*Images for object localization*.
::::

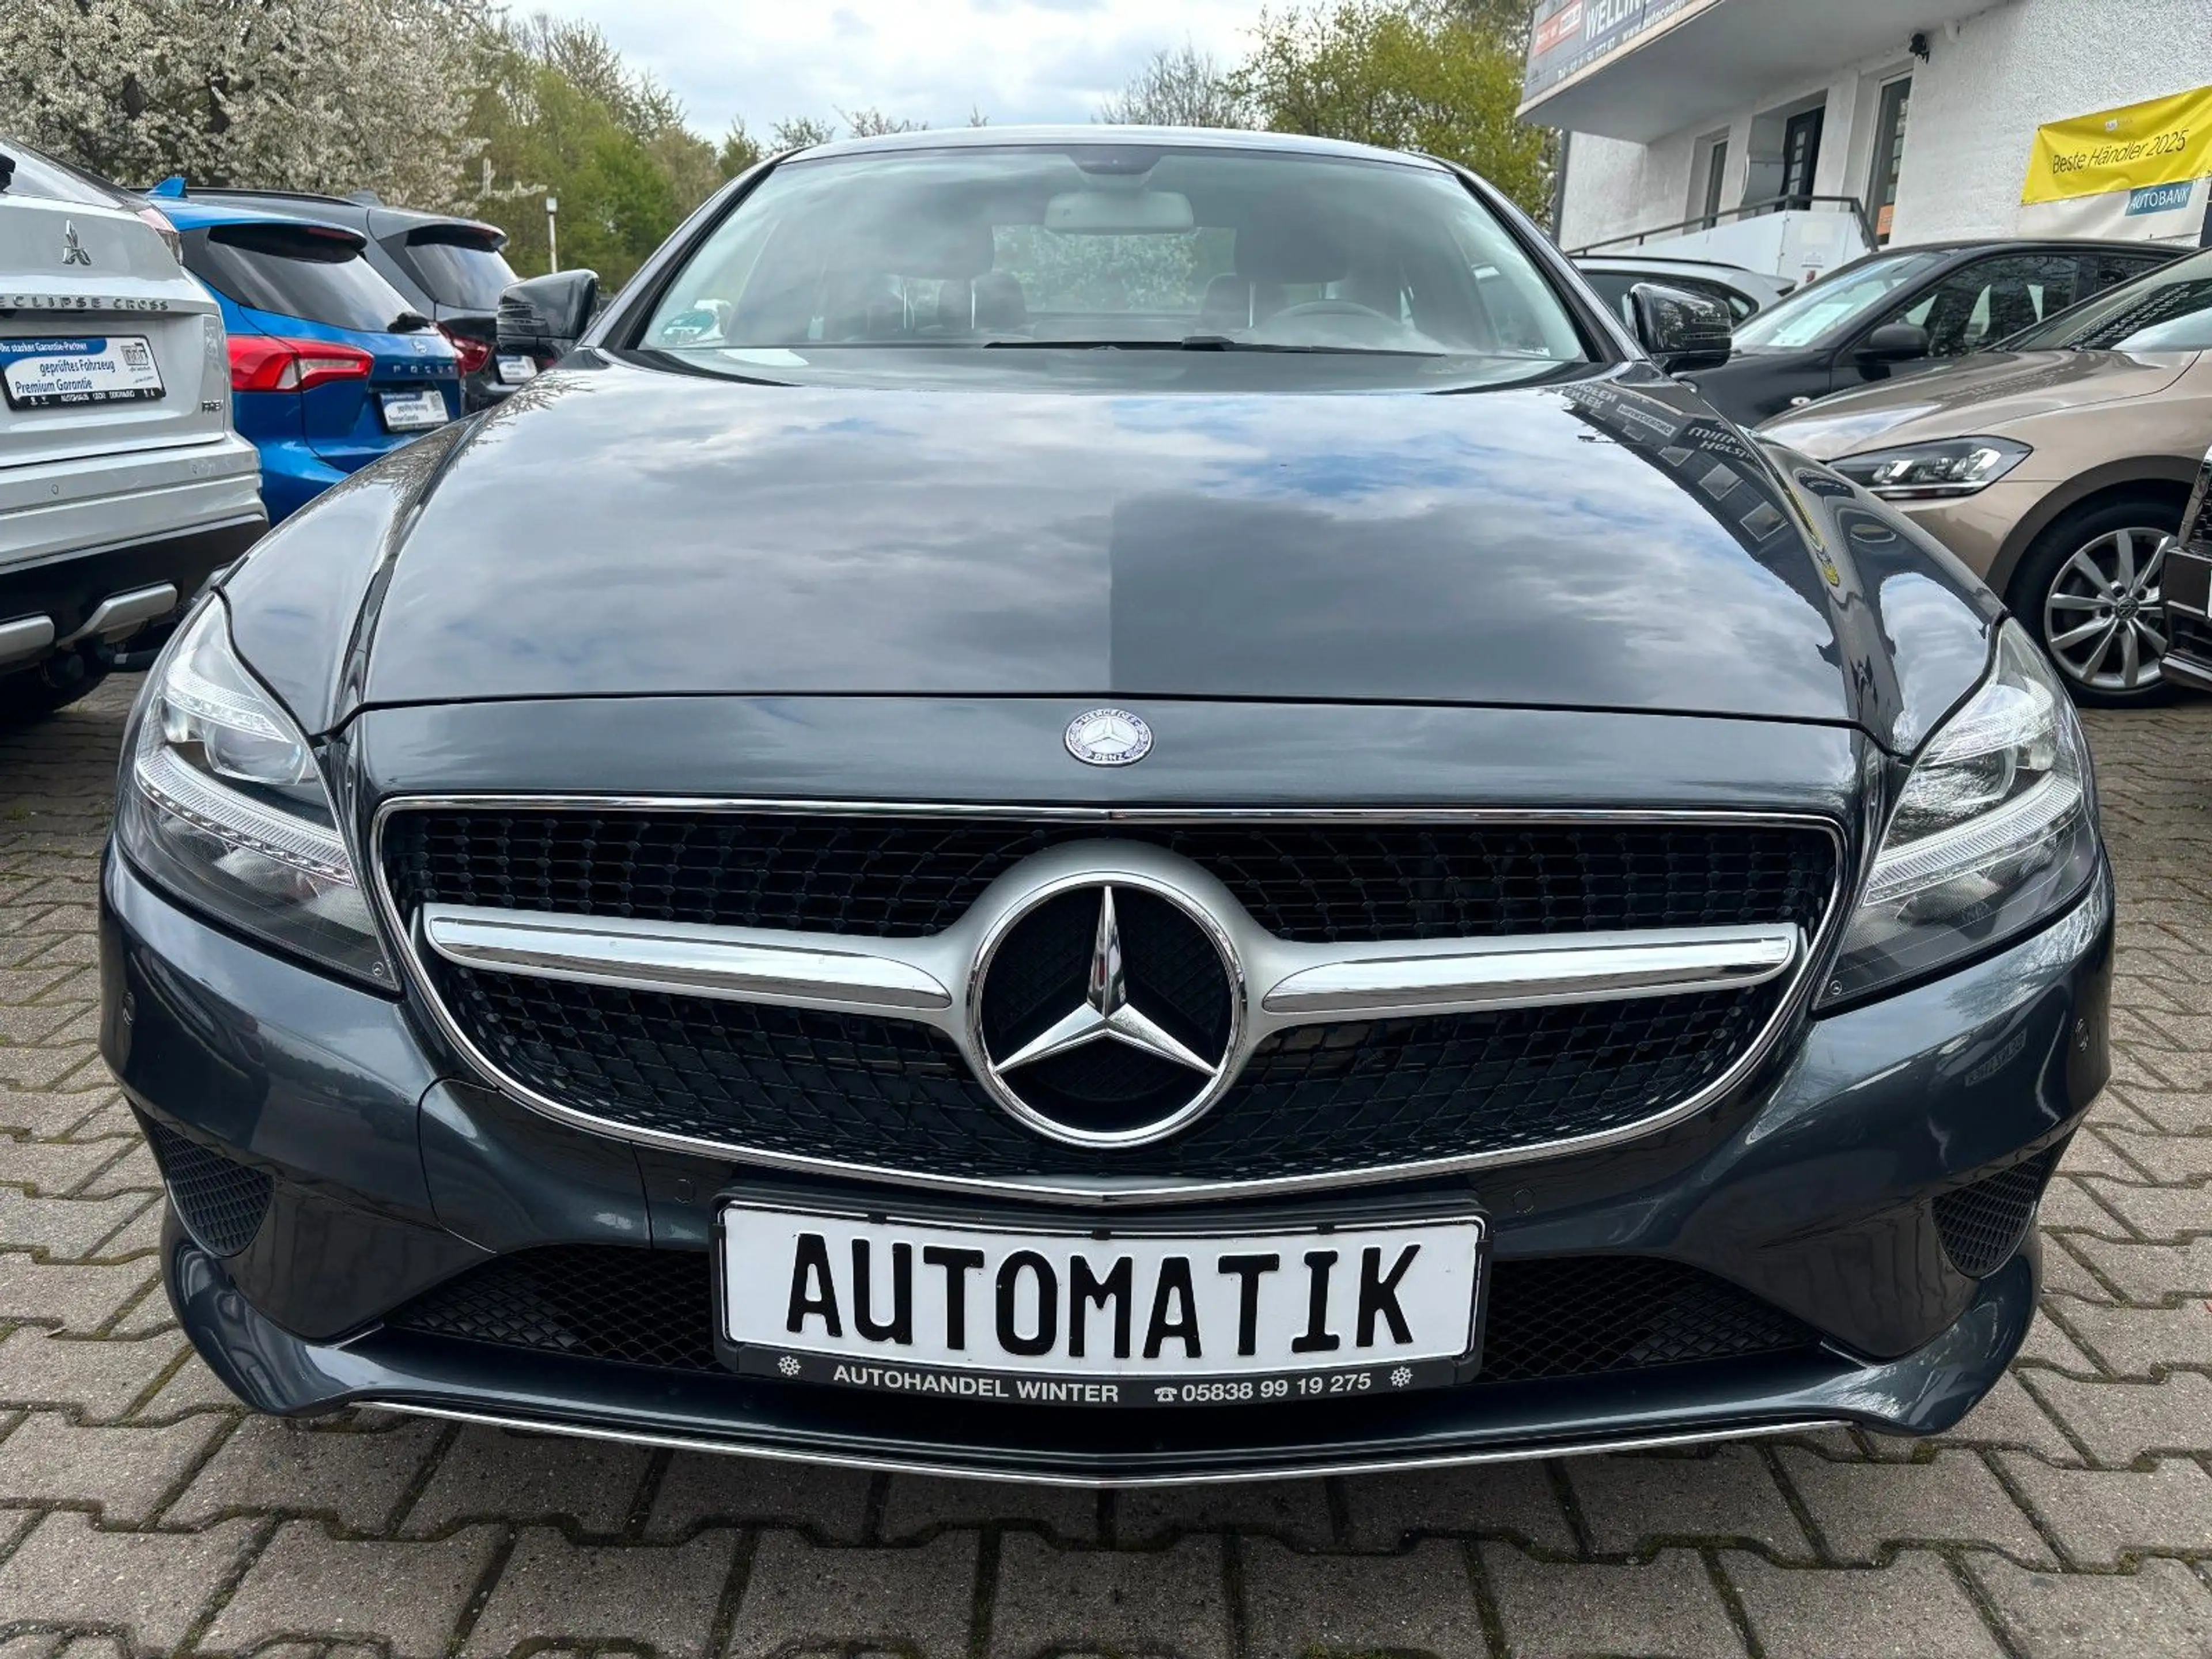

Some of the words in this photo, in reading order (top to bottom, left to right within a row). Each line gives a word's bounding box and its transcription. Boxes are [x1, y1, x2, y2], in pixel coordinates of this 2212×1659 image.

[2053, 152, 2087, 173] Beste
[2088, 141, 2148, 167] Händler
[2146, 128, 2190, 157] 2025
[2130, 187, 2190, 210] AUTOBANK
[113, 298, 168, 310] CROSS
[40, 359, 79, 377] geprüftes
[79, 357, 115, 376] Fahrzeug
[15, 380, 56, 394] Premium
[56, 377, 93, 391] Garantie
[786, 1233, 1421, 1358] AUTOMATIK
[833, 1364, 1009, 1398] AUTOHANDEL
[1017, 1380, 1119, 1403] WINTER
[1181, 1381, 1253, 1403] 05838
[1260, 1378, 1289, 1398] 99
[1297, 1376, 1323, 1394] 19
[1330, 1372, 1372, 1393] 275
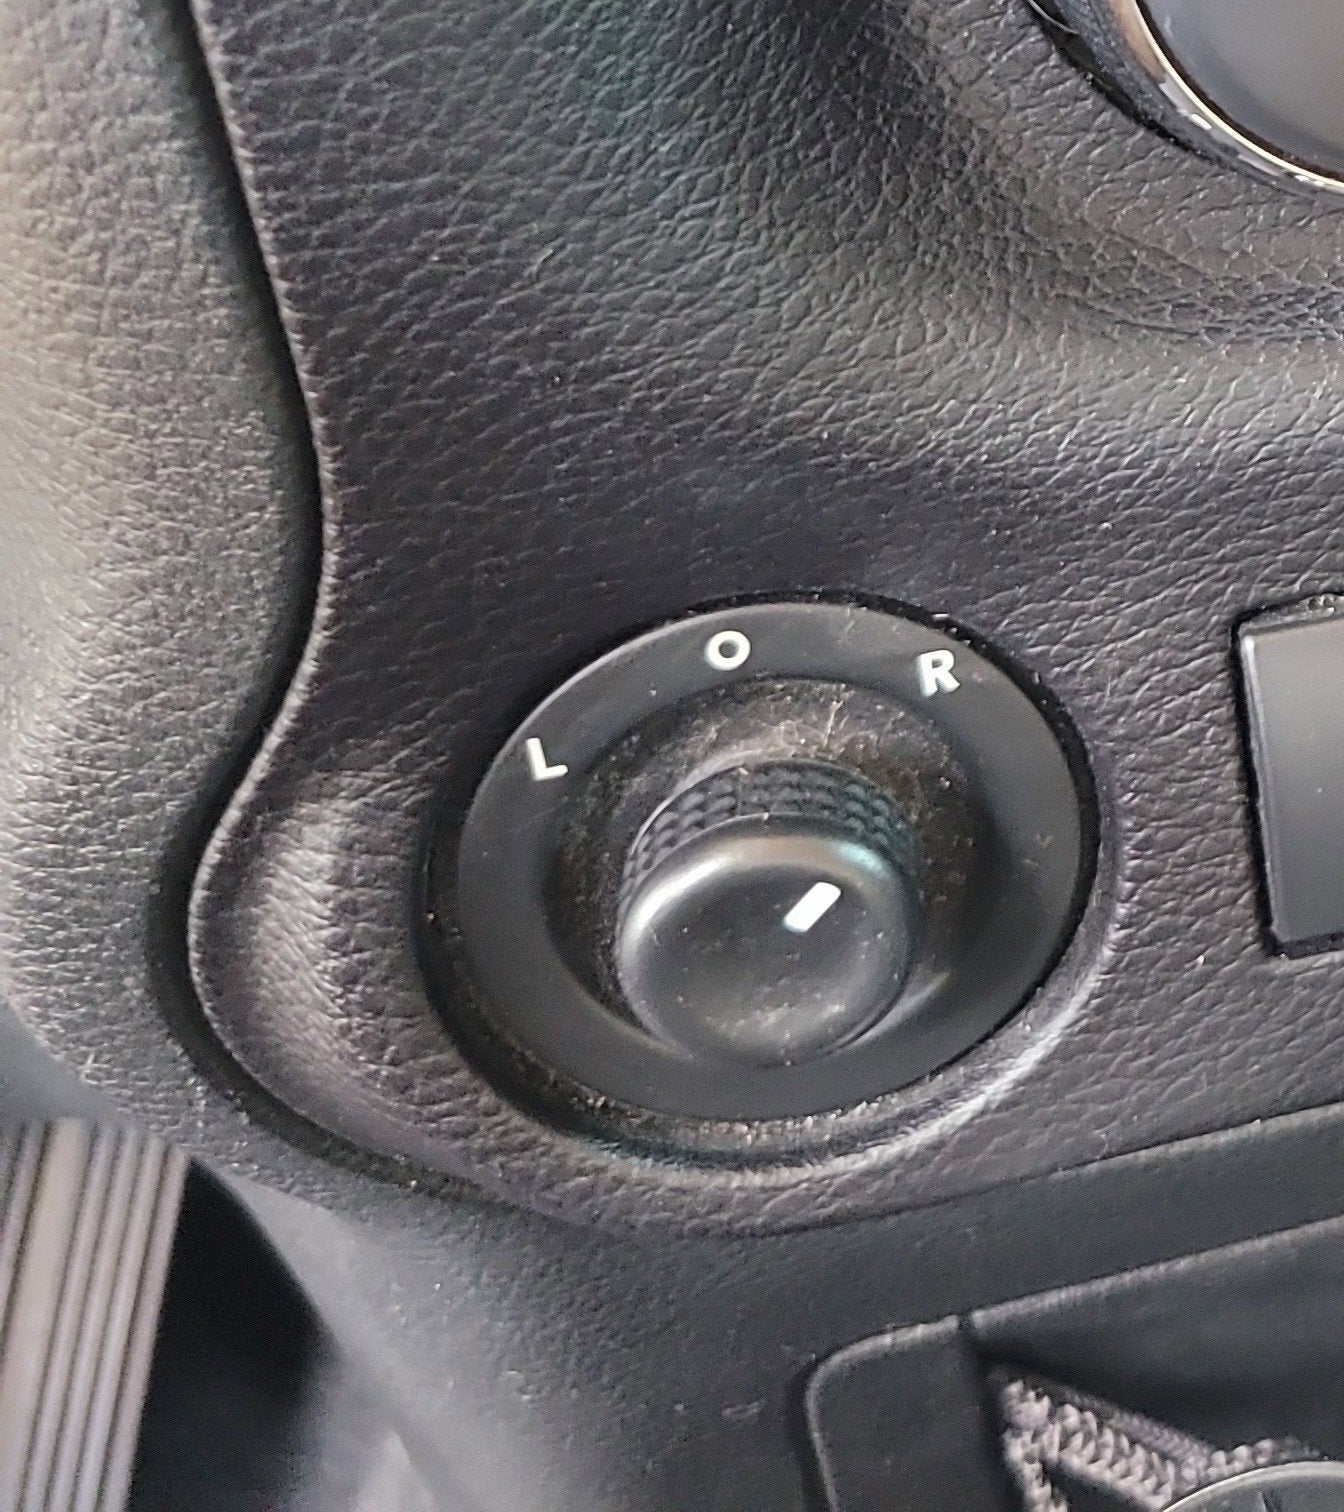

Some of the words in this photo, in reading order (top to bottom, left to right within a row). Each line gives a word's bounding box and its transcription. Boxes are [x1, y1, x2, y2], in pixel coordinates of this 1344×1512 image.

[706, 630, 751, 671] O
[918, 648, 961, 697] R
[525, 737, 568, 782] L

::::

Return the records above exactly, without the pictures.

Some of the words in this photo, in reading order (top to bottom, left to right within a row). Each line gives a word's bounding box and its transcription. Boxes are [x1, y1, x2, y2], in pixel coordinates of this 2212×1659 image.

[2053, 152, 2087, 173] Beste
[2088, 141, 2148, 167] Händler
[2146, 128, 2190, 157] 2025
[2130, 187, 2190, 210] AUTOBANK
[113, 298, 168, 310] CROSS
[40, 359, 79, 377] geprüftes
[79, 357, 115, 376] Fahrzeug
[15, 380, 56, 394] Premium
[56, 377, 93, 391] Garantie
[786, 1233, 1421, 1358] AUTOMATIK
[833, 1364, 1009, 1398] AUTOHANDEL
[1017, 1380, 1119, 1403] WINTER
[1181, 1381, 1253, 1403] 05838
[1260, 1378, 1289, 1398] 99
[1297, 1376, 1323, 1394] 19
[1330, 1372, 1372, 1393] 275

Some of the words in this photo, in reading order (top to bottom, left to right within a row). Each line gives a word's bounding box and its transcription. Boxes are [x1, y1, x2, y2], in pixel coordinates of this 1344×1512 image.

[706, 630, 751, 671] O
[918, 648, 961, 697] R
[525, 737, 568, 782] L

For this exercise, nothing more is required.